(Saved entries)
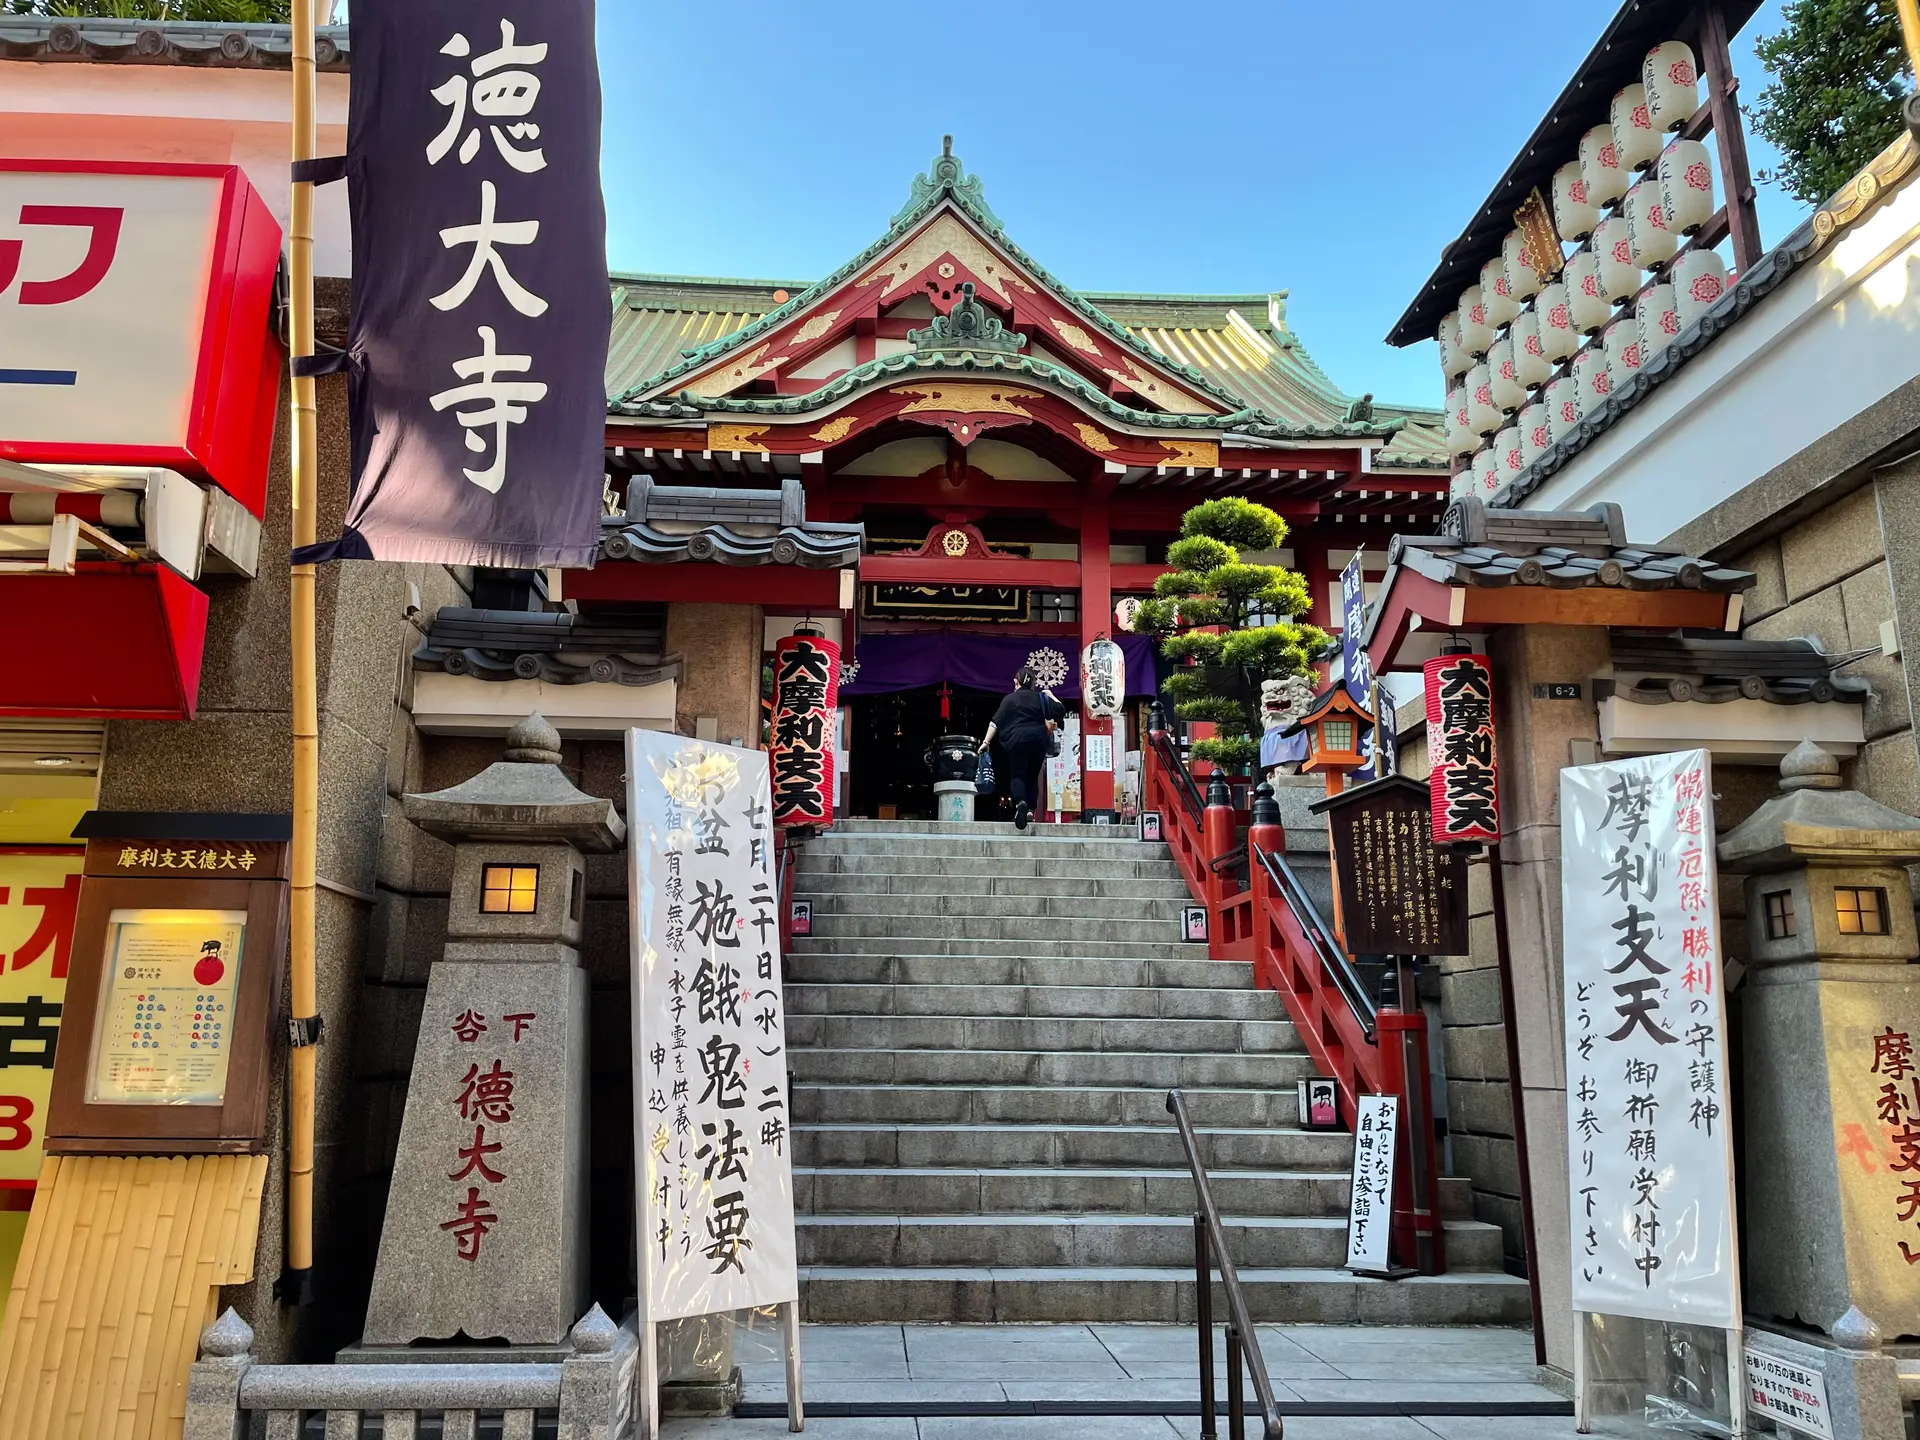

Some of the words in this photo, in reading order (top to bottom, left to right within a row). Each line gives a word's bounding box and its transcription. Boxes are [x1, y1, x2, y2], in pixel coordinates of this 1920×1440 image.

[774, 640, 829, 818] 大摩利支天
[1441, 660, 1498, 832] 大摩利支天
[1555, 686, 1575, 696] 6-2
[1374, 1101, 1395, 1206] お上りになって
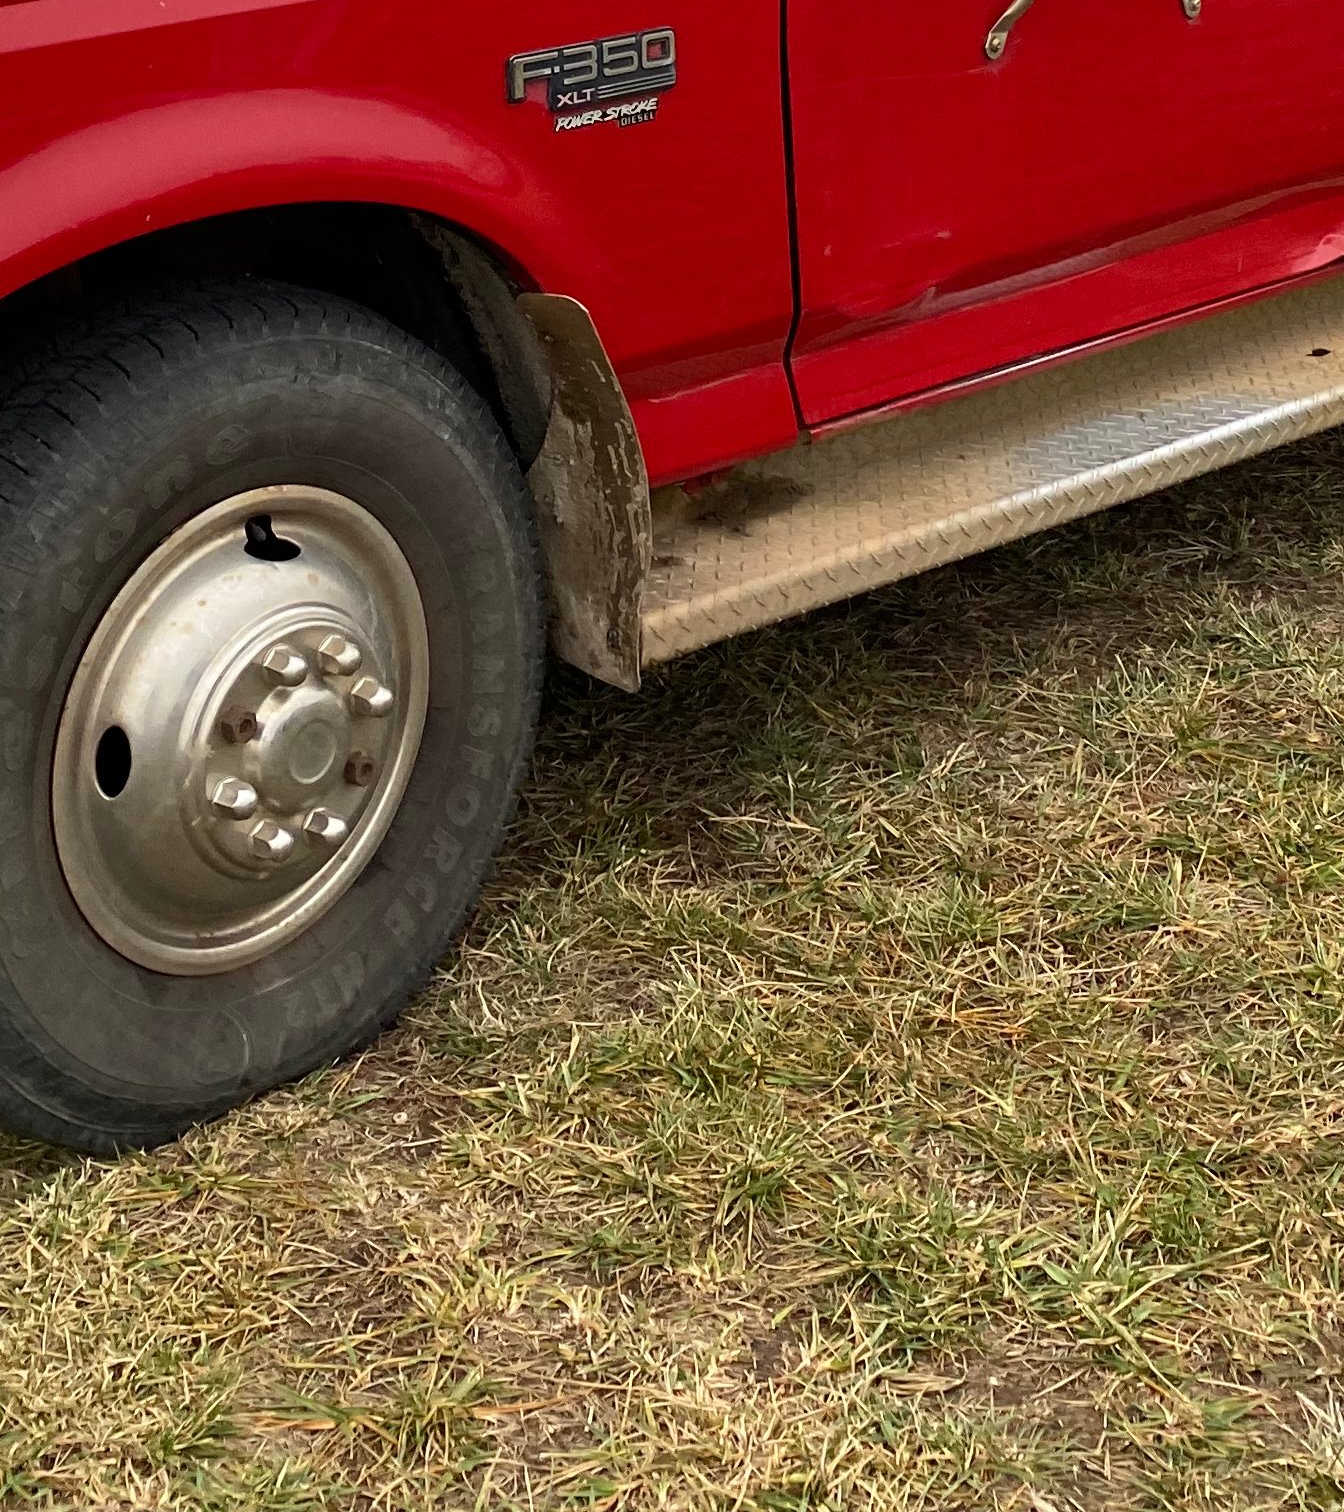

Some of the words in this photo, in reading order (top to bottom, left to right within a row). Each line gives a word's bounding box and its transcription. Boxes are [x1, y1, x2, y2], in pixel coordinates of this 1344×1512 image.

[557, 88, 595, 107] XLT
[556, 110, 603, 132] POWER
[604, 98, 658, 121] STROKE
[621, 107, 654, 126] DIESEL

_Assignment_
After finding the line that contains "this 1344×1512 image." in the records above, copy that line and each one after it exactly, through the final line.

_Answer section_
Some of the words in this photo, in reading order (top to bottom, left to right within a row). Each line gives a word's bounding box and its transcription. Boxes are [x1, y1, x2, y2], in pixel coordinates of this 1344×1512 image.

[557, 88, 595, 107] XLT
[556, 110, 603, 132] POWER
[604, 98, 658, 121] STROKE
[621, 107, 654, 126] DIESEL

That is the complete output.